| Work instruction |
The records must be repeated exactly and in their entirety.

[Referring expression grounding data]
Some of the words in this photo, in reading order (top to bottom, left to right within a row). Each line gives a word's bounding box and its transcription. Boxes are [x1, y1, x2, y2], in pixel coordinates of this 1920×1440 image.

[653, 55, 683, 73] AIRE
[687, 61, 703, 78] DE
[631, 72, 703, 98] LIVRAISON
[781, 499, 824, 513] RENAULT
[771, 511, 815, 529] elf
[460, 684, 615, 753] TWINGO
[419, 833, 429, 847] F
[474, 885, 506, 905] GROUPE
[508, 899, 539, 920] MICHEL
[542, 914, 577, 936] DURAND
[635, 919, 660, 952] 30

| Your response |
Some of the words in this photo, in reading order (top to bottom, left to right within a row). Each line gives a word's bounding box and its transcription. Boxes are [x1, y1, x2, y2], in pixel coordinates of this 1920×1440 image.

[653, 55, 683, 73] AIRE
[687, 61, 703, 78] DE
[631, 72, 703, 98] LIVRAISON
[781, 499, 824, 513] RENAULT
[771, 511, 815, 529] elf
[460, 684, 615, 753] TWINGO
[419, 833, 429, 847] F
[474, 885, 506, 905] GROUPE
[508, 899, 539, 920] MICHEL
[542, 914, 577, 936] DURAND
[635, 919, 660, 952] 30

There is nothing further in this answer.